PROBLEM REQUIREMENTS
Return all entries precisely as they stand, without the images.

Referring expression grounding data
|---|

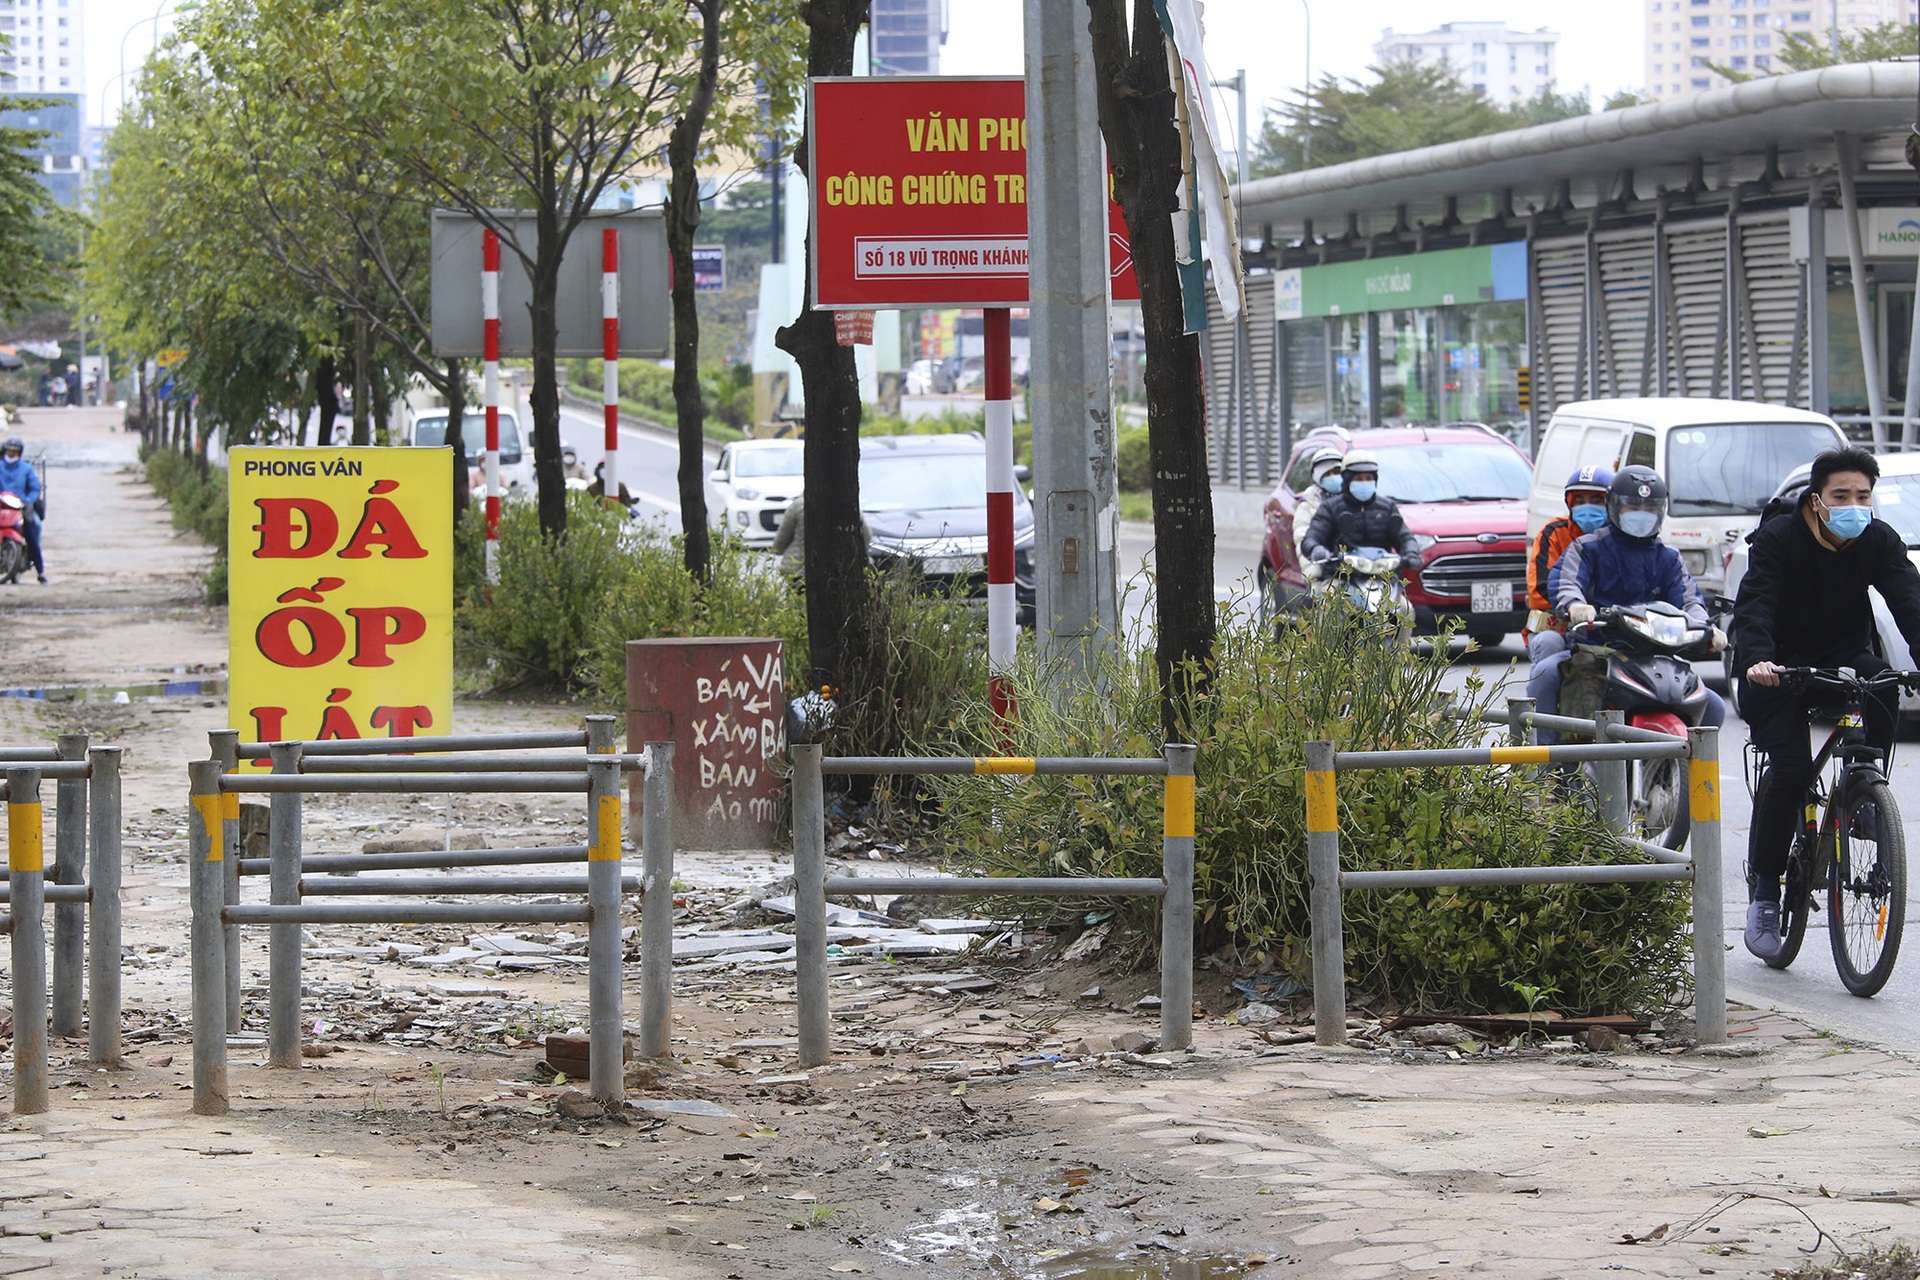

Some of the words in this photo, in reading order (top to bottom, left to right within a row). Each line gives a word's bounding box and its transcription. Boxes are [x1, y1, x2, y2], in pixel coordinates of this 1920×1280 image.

[906, 111, 968, 152] VĂN
[826, 171, 894, 206] CÔNG
[902, 170, 987, 205] CHỨNG
[865, 245, 884, 268] SỐ
[889, 250, 905, 266] 18
[910, 249, 928, 266] VŨ
[932, 249, 979, 270] TRỌNG
[982, 248, 1029, 266] KHÁNH
[244, 461, 316, 476] PHONG
[320, 457, 363, 476] VÂN
[251, 479, 429, 560] ĐÁ
[1481, 584, 1502, 597] 30F
[255, 576, 427, 668] ỐP
[697, 659, 750, 703] BÁN
[742, 642, 784, 694] VÁ
[700, 750, 757, 789] BÁN
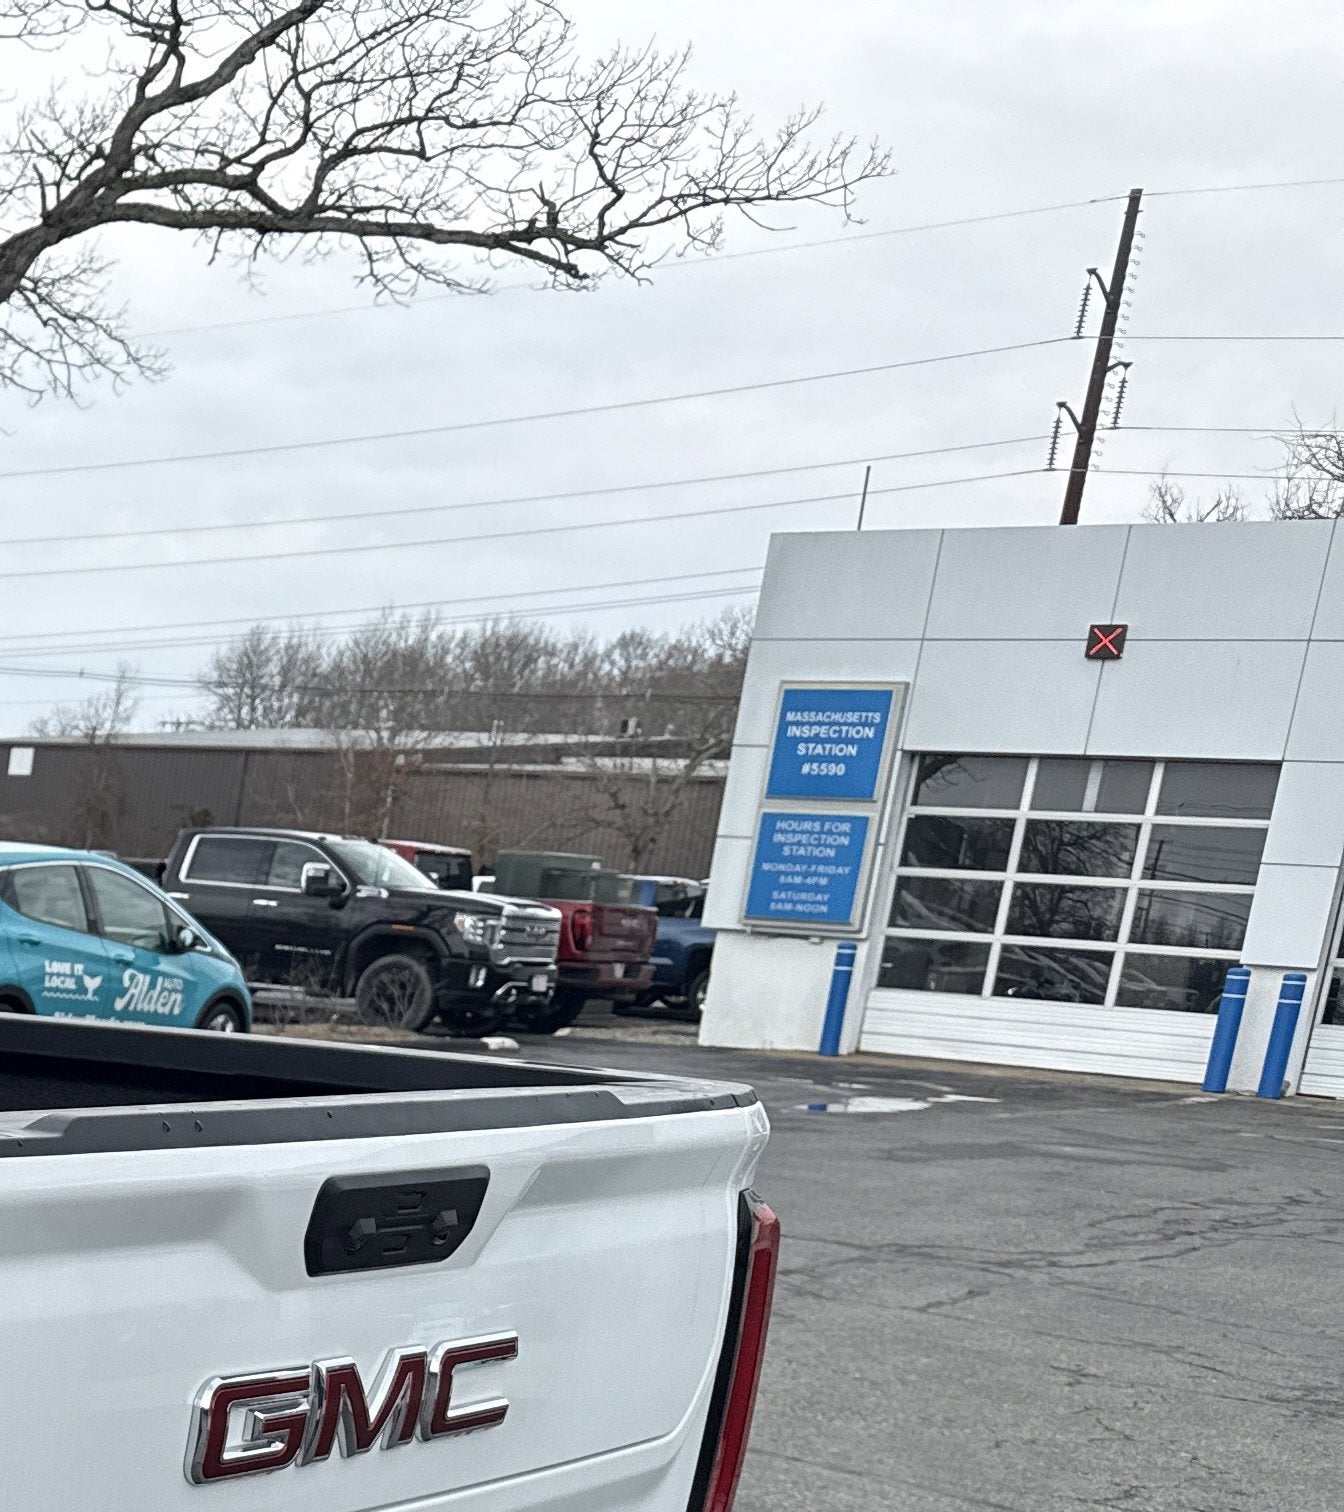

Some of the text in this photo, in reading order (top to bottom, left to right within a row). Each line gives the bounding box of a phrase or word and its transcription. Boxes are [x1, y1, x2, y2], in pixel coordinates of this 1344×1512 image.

|---|

ANSWER TO THIS PROBLEM
Some of the words in this photo, in reading order (top to bottom, left to right within a row). Each line gives a word's bounding box and its transcription. Boxes are [x1, y1, x2, y2], in pixel coordinates of this 1920×1280 image.

[906, 111, 968, 152] VĂN
[826, 171, 894, 206] CÔNG
[902, 170, 987, 205] CHỨNG
[865, 245, 884, 268] SỐ
[889, 250, 905, 266] 18
[910, 249, 928, 266] VŨ
[932, 249, 979, 270] TRỌNG
[982, 248, 1029, 266] KHÁNH
[244, 461, 316, 476] PHONG
[320, 457, 363, 476] VÂN
[251, 479, 429, 560] ĐÁ
[1481, 584, 1502, 597] 30F
[255, 576, 427, 668] ỐP
[697, 659, 750, 703] BÁN
[742, 642, 784, 694] VÁ
[700, 750, 757, 789] BÁN

Some of the text in this photo, in reading order (top to bottom, left to right within a row). Each line gives the bounding box of a phrase or word and its transcription. Boxes are [x1, y1, x2, y2], in pixel coordinates of this 1344×1512 image.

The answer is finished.